Post Number:#4 by ahmedittihad » Mon Feb 20, 2017 5:51 pm
There are no smaller solutions than $(m,n)=(2,1)$ , when $3^2 - 7^1 = 2$, so let's look for larger ones.
Write the equation as $3^2(3^{m-2} - 1) = 7(7^{n-1}-1)$.
We have $3^2 \mid 7^{n-1}-1$; the multiplicative order of $7$ modulo $3^2$ is $3$, so we need $3\mid n-1$ and then $19\mid 7^3-1 \mid 7^{n-1}-1$.
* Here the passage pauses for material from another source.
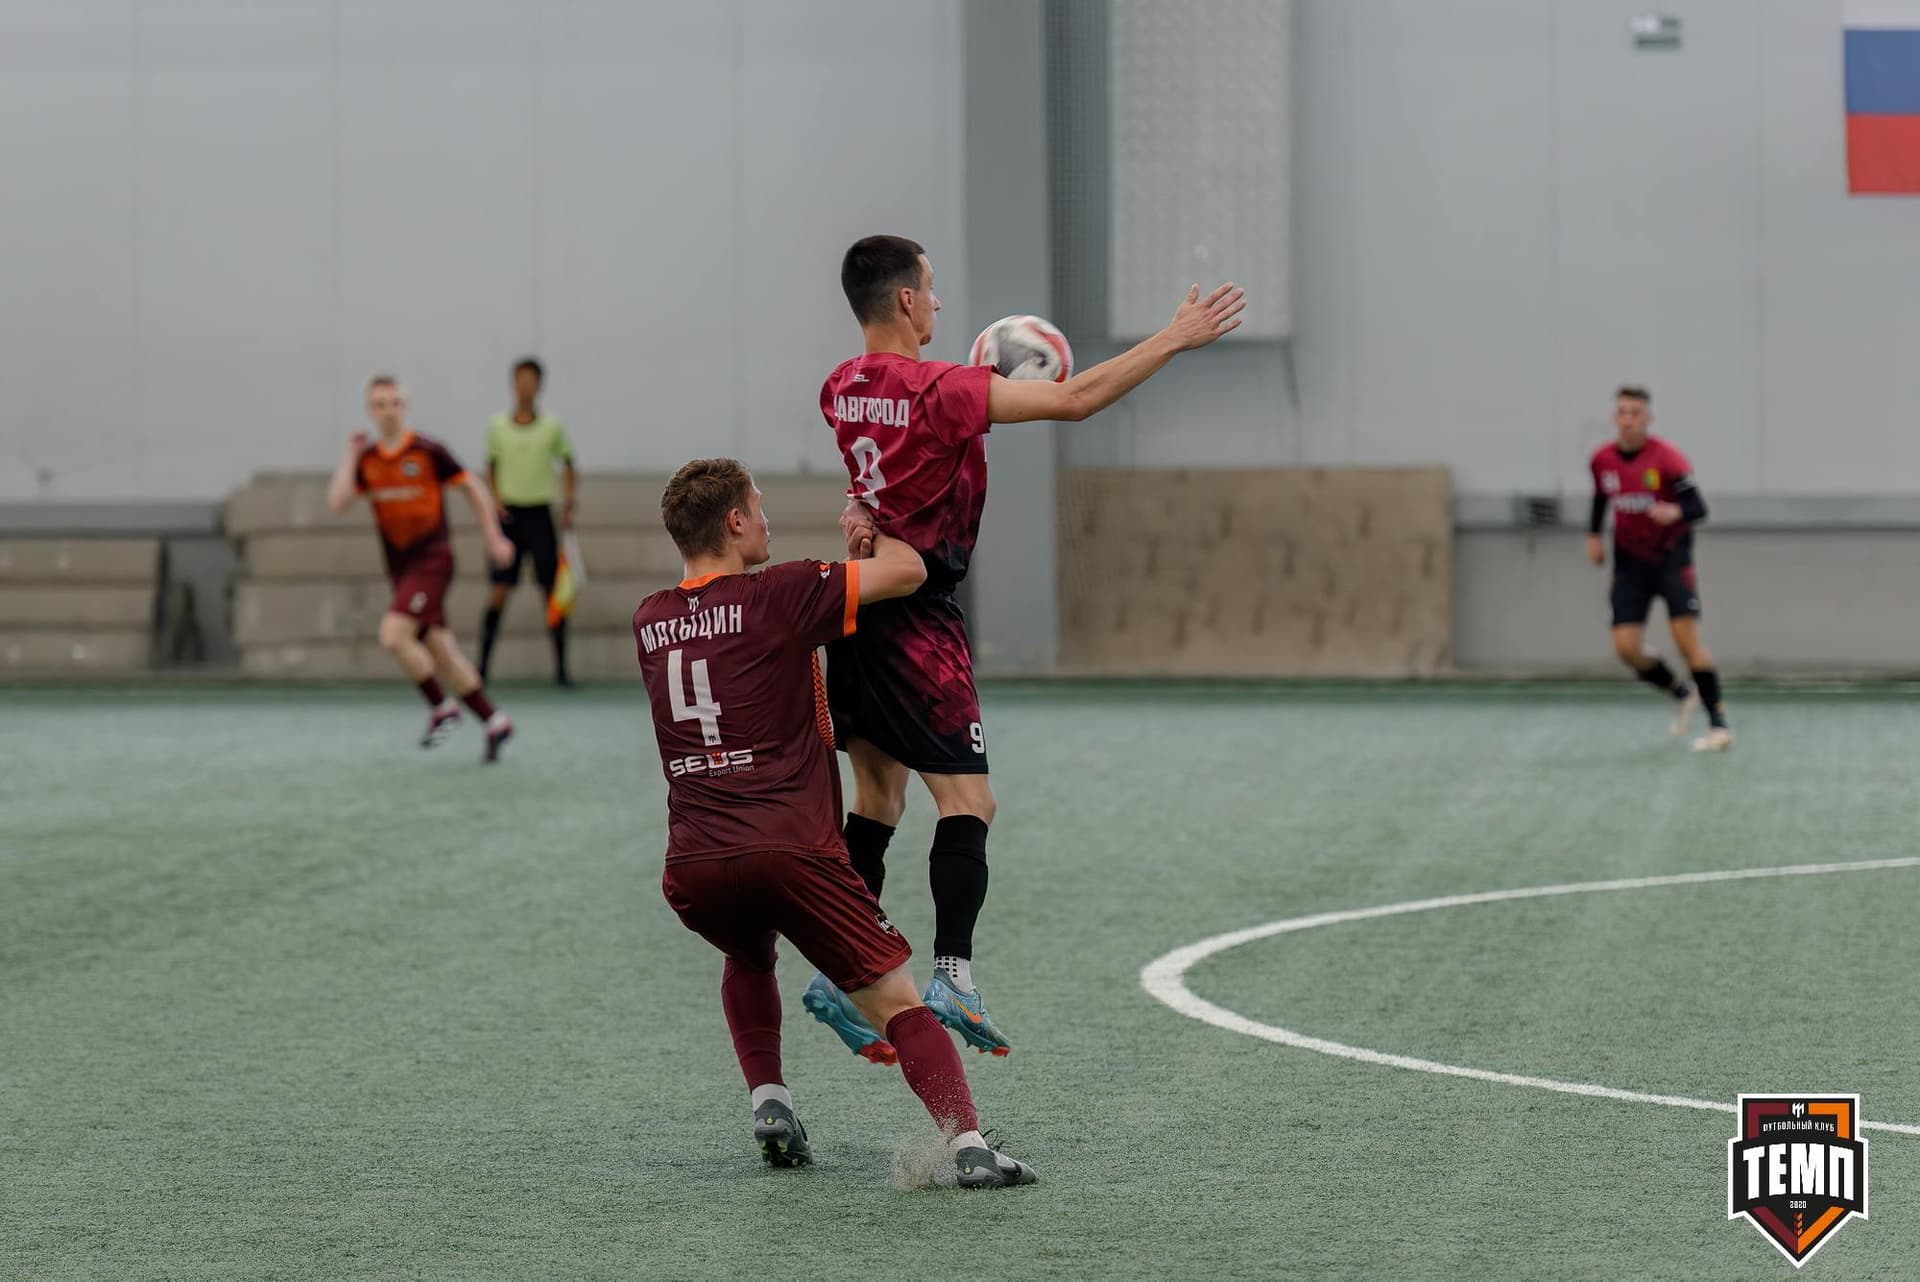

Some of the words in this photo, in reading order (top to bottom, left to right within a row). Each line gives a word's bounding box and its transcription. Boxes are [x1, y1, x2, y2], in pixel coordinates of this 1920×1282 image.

We have $19 \mid 3^{m-2}-1$; the multiplicative order of $3$ modulo $19$ is $18$, so we need $3\mid n-1$ and then $37\mid 3^{18}-1 \mid 3^{m-2}-1$.
We have $37 \mid 7^{n-1}-1$; the multiplicative order of $7$ modulo $37$ is $9$, so we need $9\mid n-1$ and then $3^3\mid 7^9-1 \mid 7^{n-1}-1$.
But $3^3 \mid 3^2(3^{m-2} - 1)$ implies $3 \mid 3^{m-2} - 1$, impossible. Thus there are no other solutions.
Frankly, my dear, I don't give a damn.